The anti-cancer activity of five varieties of extra virgin Moroccan-cultivated olive oil on human cervical cancer cells was assessed in vitro.

METHODS:

The presence of phenolic compounds in five olive oil varieties cultivated in Morocco was analyzed using HPLC. Human cervical cancer cell lines (HeLa, SKG-II, and HCS-2) were incubated with the olive oils and cell viability was measured by MTT assay, reactive oxygen species were measured using the CellRox assay, and gene expression was measured by RT-PCR.

RESULTS:

Each of the five Moroccan-cultivated olive oil varieties had a unique composition of phenolic compounds. Incubation with the olive oils reduced cell viability and reactive oxygen species in human cervical cancer cells. The expression of genes involved in cervical cancer carcinogenesis and cell cycle were also altered. All five olive oil varieties decreased expression of E6, E7, p16, p63, and NRP2 and increased expression of IVL and miR 331-3p.

CONCLUSIONS:

Use of Moroccan-cultivated olive oils could be a promising anti-cancer agent for cervical cancer.

Keywords

Antioxidant cervical cancer gene expression olive oil

1 Introduction

Cervical cancer is the fourth most frequent cancer in women with an estimated 570,000 new cases reported in 2018. Approximately 90% of deaths from cervical cancer occur in low- and middle-income countries and cervical cancer is the second most common cancer affecting Moroccan women [1]. Before 2010, two thirds of the cervical cancer cases in Morocco were diagnosed and treated at a very late stage. However, in 2010, a systematic screening program was implemented throughout Morocco and this program has greatly contributed to reducing the dramatic consequences often caused by late detection and treatment.

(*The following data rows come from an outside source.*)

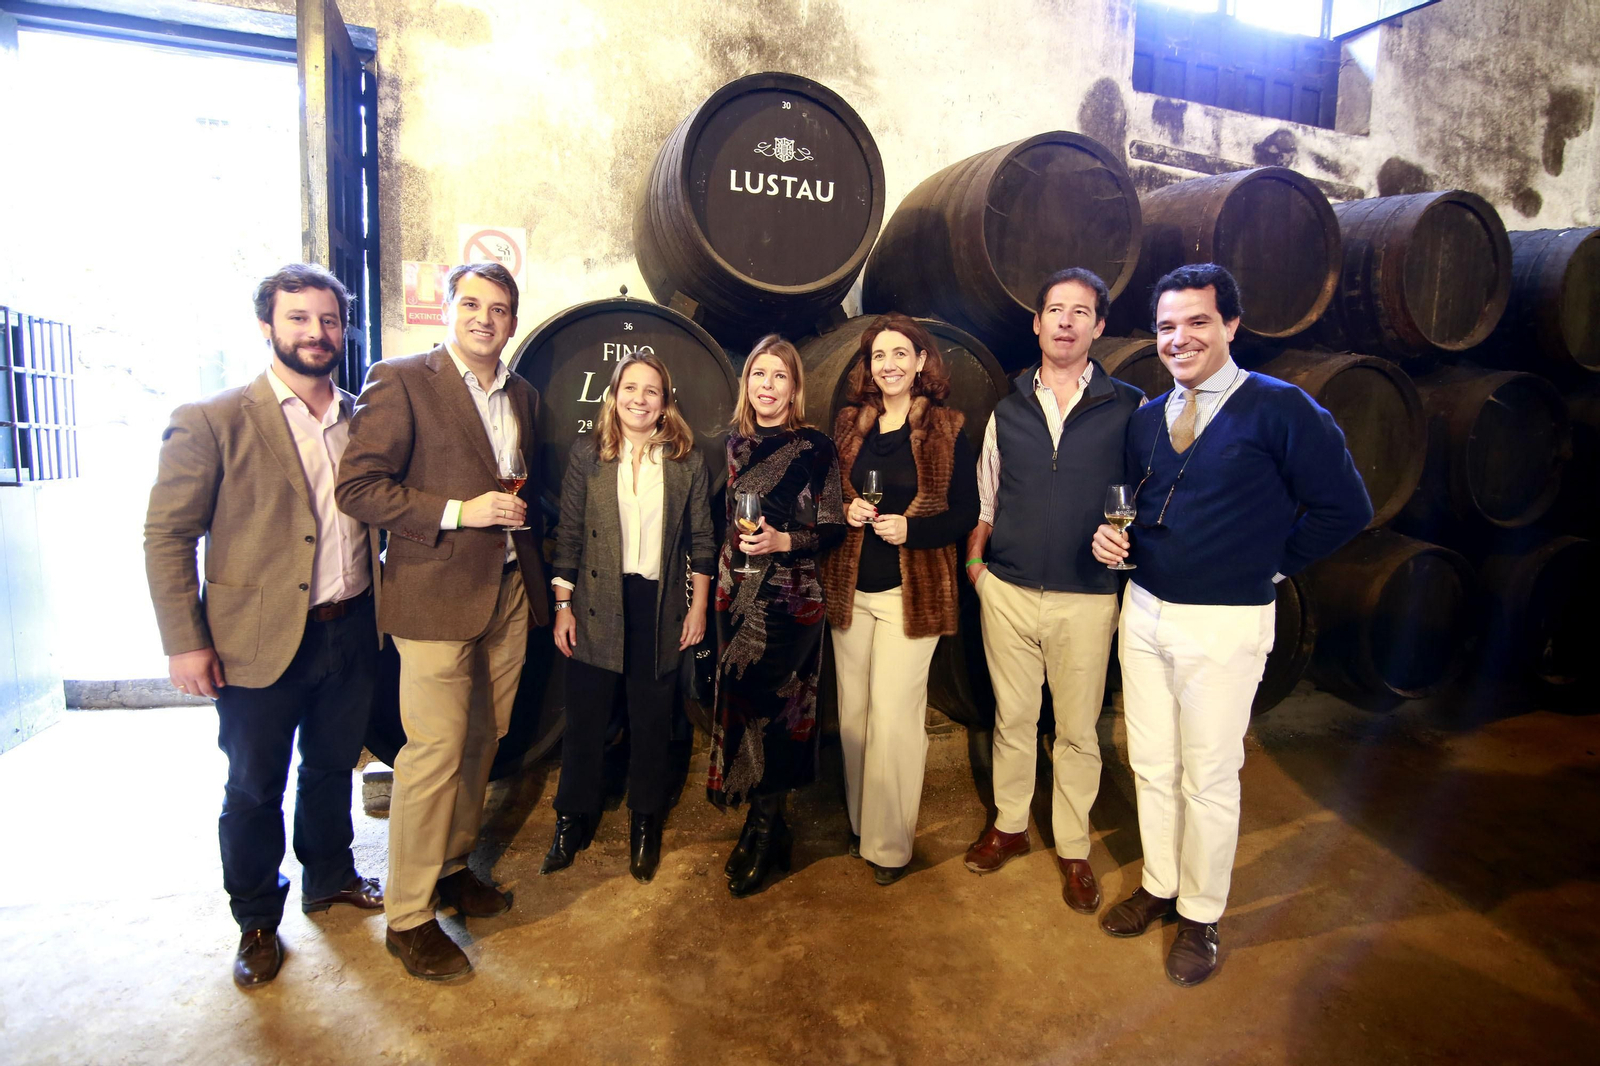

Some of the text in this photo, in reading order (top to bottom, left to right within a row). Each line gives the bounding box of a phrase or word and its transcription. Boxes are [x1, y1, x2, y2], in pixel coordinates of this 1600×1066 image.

[782, 101, 791, 110] 30
[730, 169, 835, 202] LUSTAU
[409, 312, 443, 321] EXTINTO
[623, 322, 633, 331] 36
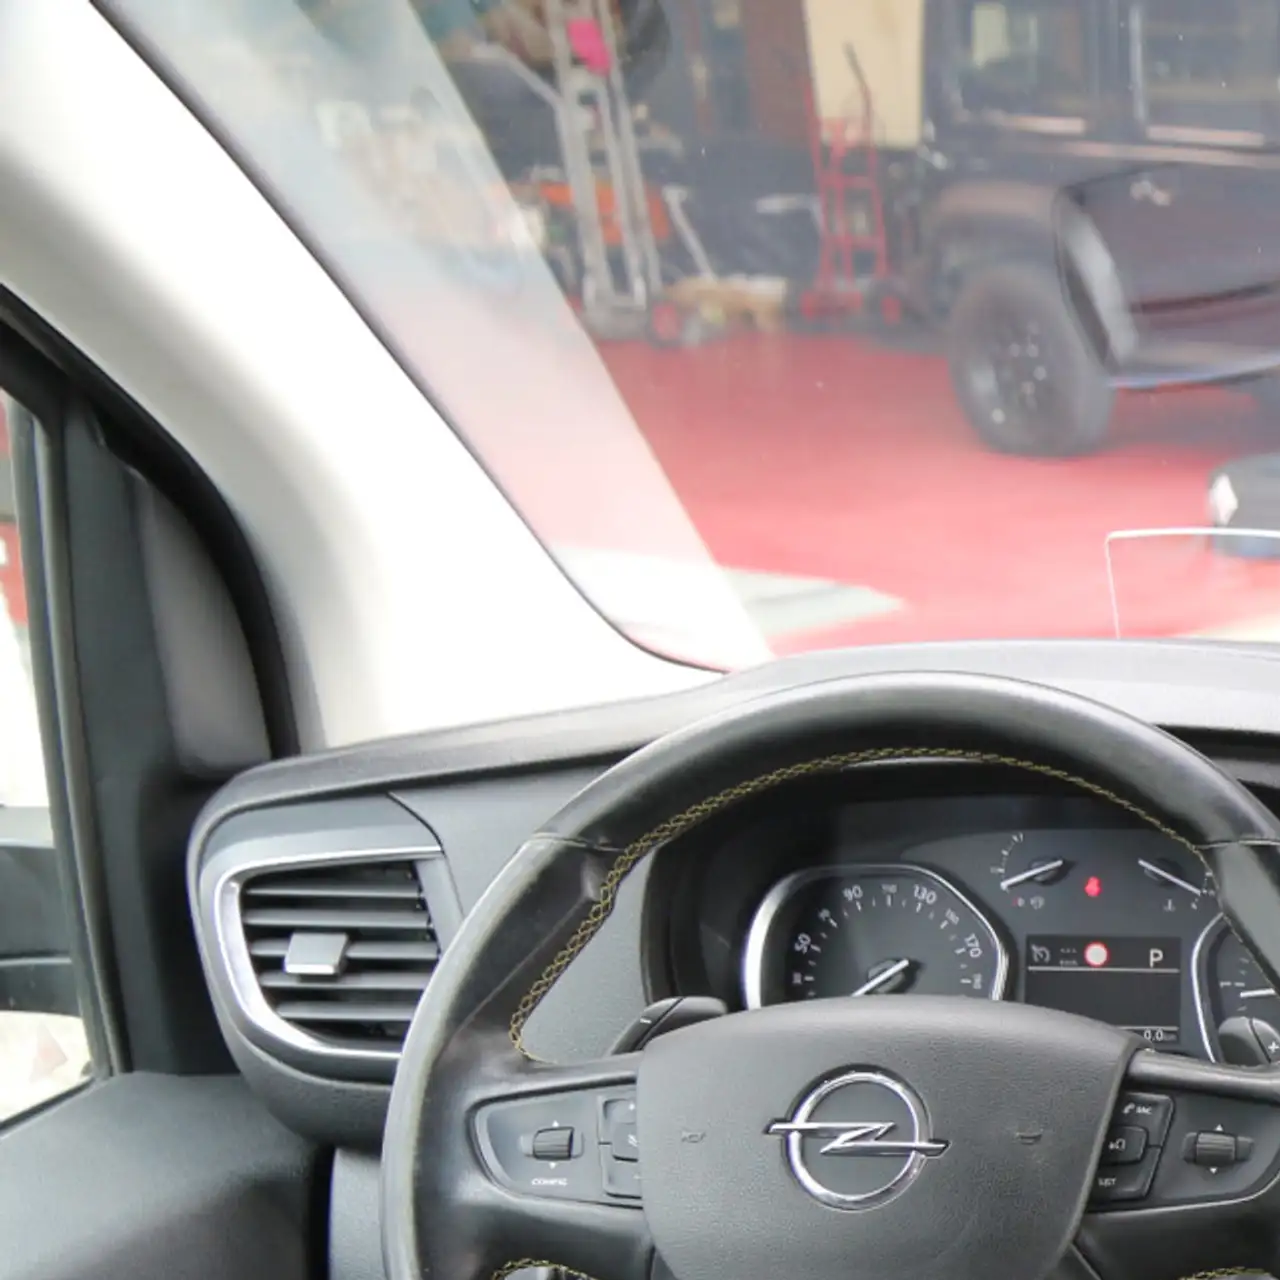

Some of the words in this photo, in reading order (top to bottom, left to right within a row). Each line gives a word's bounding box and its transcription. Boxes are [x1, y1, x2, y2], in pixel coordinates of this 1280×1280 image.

[842, 884, 863, 901] 90
[913, 884, 937, 904] 130
[794, 932, 812, 955] 50
[963, 932, 983, 959] 170
[1149, 948, 1164, 969] P
[1143, 1029, 1164, 1042] 0.0
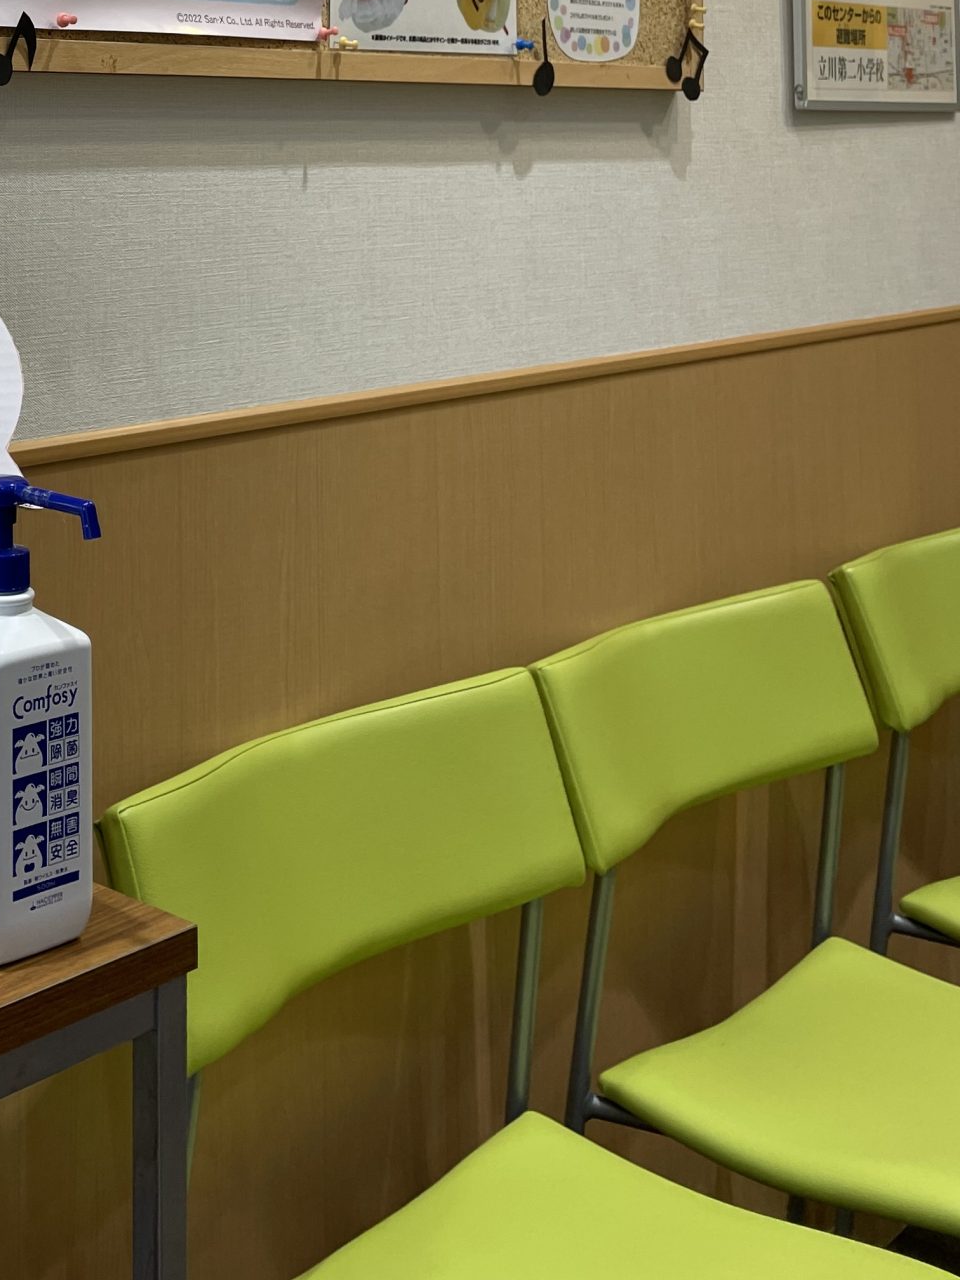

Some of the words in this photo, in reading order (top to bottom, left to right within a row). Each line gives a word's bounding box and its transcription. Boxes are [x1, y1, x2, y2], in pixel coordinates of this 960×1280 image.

[255, 17, 263, 27] All
[263, 18, 284, 29] Rights
[817, 4, 881, 24] このセンターからの
[817, 55, 884, 82] 立川第二小学校
[12, 684, 78, 720] Comfosy
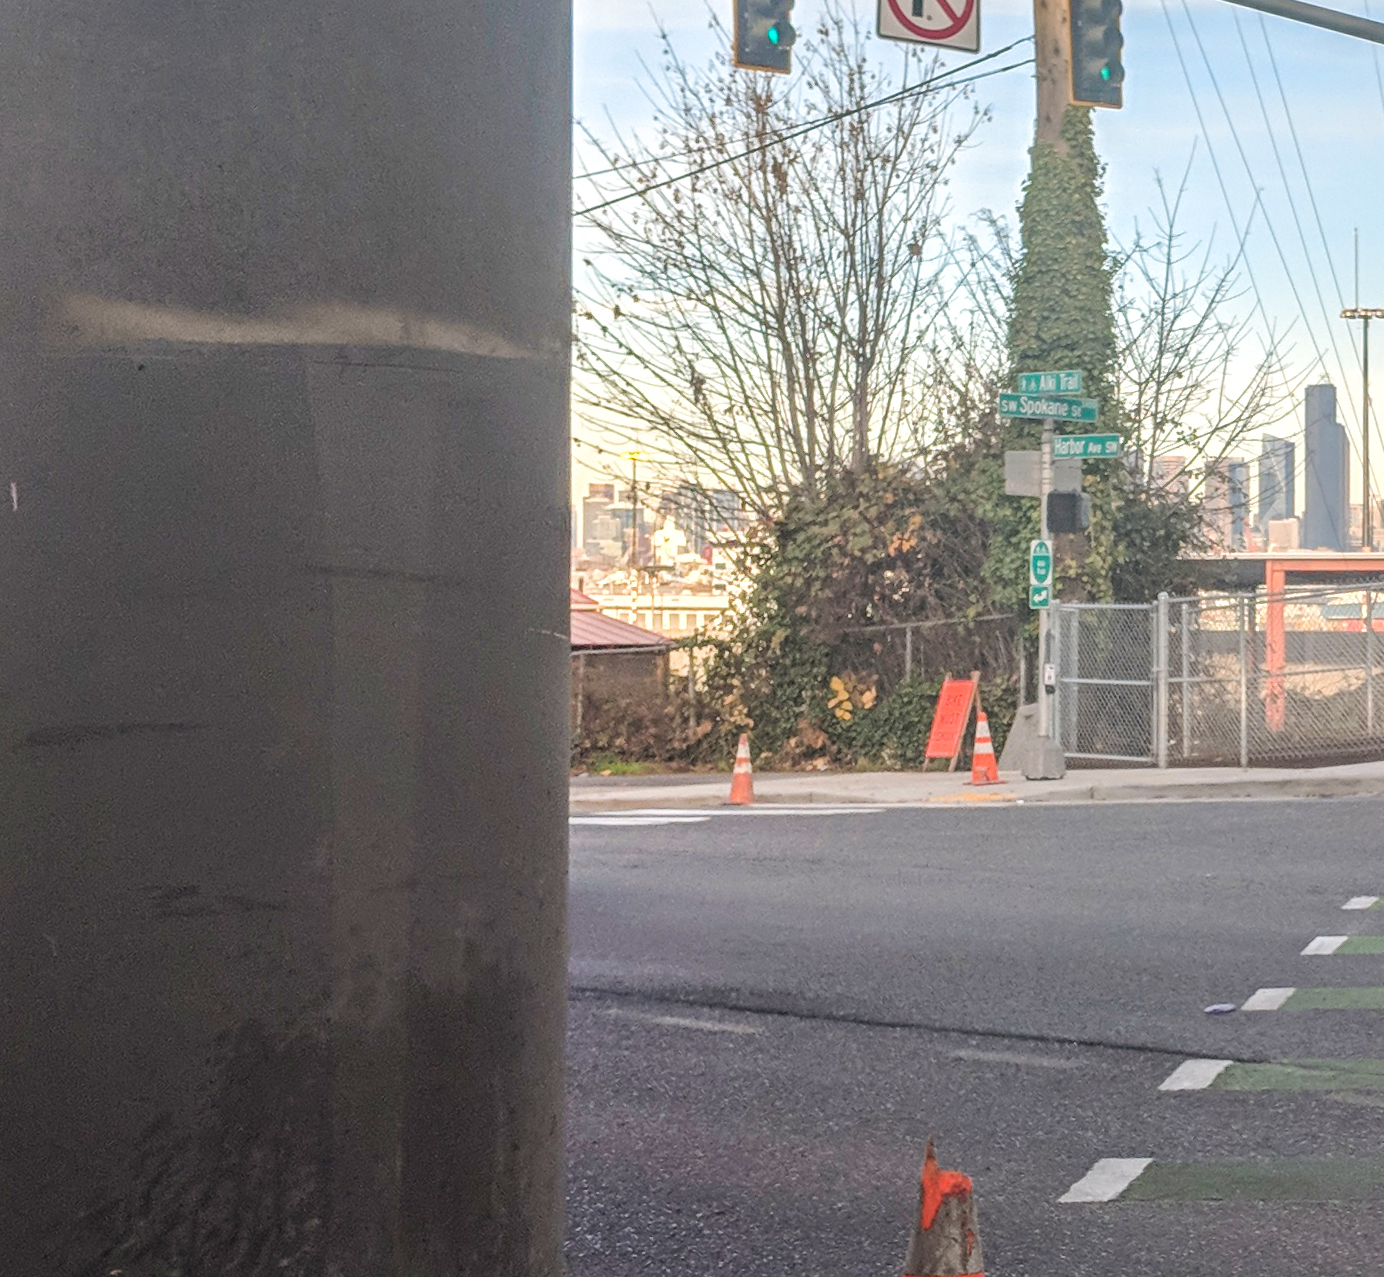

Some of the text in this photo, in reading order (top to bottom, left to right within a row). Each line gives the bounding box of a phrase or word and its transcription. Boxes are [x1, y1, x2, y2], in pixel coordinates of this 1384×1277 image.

Natural medicine has been used in cancer care for centuries and many of our modern chemotherapies are derived from plants and food. Many studies have shown that dietary manipulations can modulate physiological activities and prevent neoplastic disease [2, 3]. The Mediterranean diet is primarily based on the higher intake of olive oil. Beneficial effects of olive oil have been demonstrated in several studies and olive oil may be useful for the prevention or possible treatment of cancer [3 –6].

The anti-cancer, anti-proliferative, and pro-apoptotic activities of olive oil are attributed to many factors including the high content of oleic acid and other monounsaturated free fatty acids, squalene, phytosterols, and phenols [5 , 7–17]. In particular, many polyphenolic compounds present in extra-virgin olive oil, including tyrosol, hydroxytyrosol, oleocanthal, and oleuropein, induce apoptosis in multiple human cancer cell lines including cervical cancer [5 , 15–18]. Phenolic extracts of olive oil can also induce a significant decrease in cell viability and act as powerful antioxidants in breast and cervical cancer cells [19 –21]. In addition, the reduction of oxidative stress by phenolic compounds of olive oil may reduce oxidative DNA damage and slow the initiation steps of carcinogenesis in vivo [22]. However, different olive oil varieties have unique mixtures of polyphenols and may induce varying anti-cancer responses. The specific anti-cancer effects of olive oil varieties cultivated in Morocco on reactive oxygen species, gene expression, and viability of cervical cancer cells is not well-established. Therefore, the aim of this research is to evaluate the in vitro anti-cancer activity of five extra virgin Moroccan-cultivated olive oils against human cervical cancer cell lines.

2 Materials and methods

2.1 Moroccan olive oil source

Samples were collected from ‘Agropole Olivier’ Meknes in Morocco. The varieties of olive oil studied were 1 = Moroccan Picholine; 2 = Koroneiki; 3 = Arbequine; 4 = Picual; 5 = Arbosana. All varieties were Extra Virgin on the Physicochemical and Sensory Plan.

2.2 Extraction and analysis of phenolic compounds from olive oils

All standard compounds were purchased from Sigma Aldrich. The standards used for comparison to the olive oils are shown in Table 1. The phenolic compounds for this study were selected based on previously published literature and availability of standards. Stock solutions were prepared using a solvent of 50 % v/v HPLC grade methanol (Acros) and 16.7 MΩ doubly deionized water (in-house system). Calibration standards were prepared ranging from 0.03 – 800 mg/L to determine the linear range for each compound and the appropriate calibration levels for the olive oil extracts. The final ranges selected for quantification are in Table 1.

Table 1
Summary of phenolic standards analyzed

Name Stock conc. mg/L Calibration range, mg/L Ret. Time, min Detector

Tyrosol 6920 0.6 – 13 5 DAD @ 280 nm

Oleuropin 770 0.7 – 4 11.5 FL (ex. 280, em. 320)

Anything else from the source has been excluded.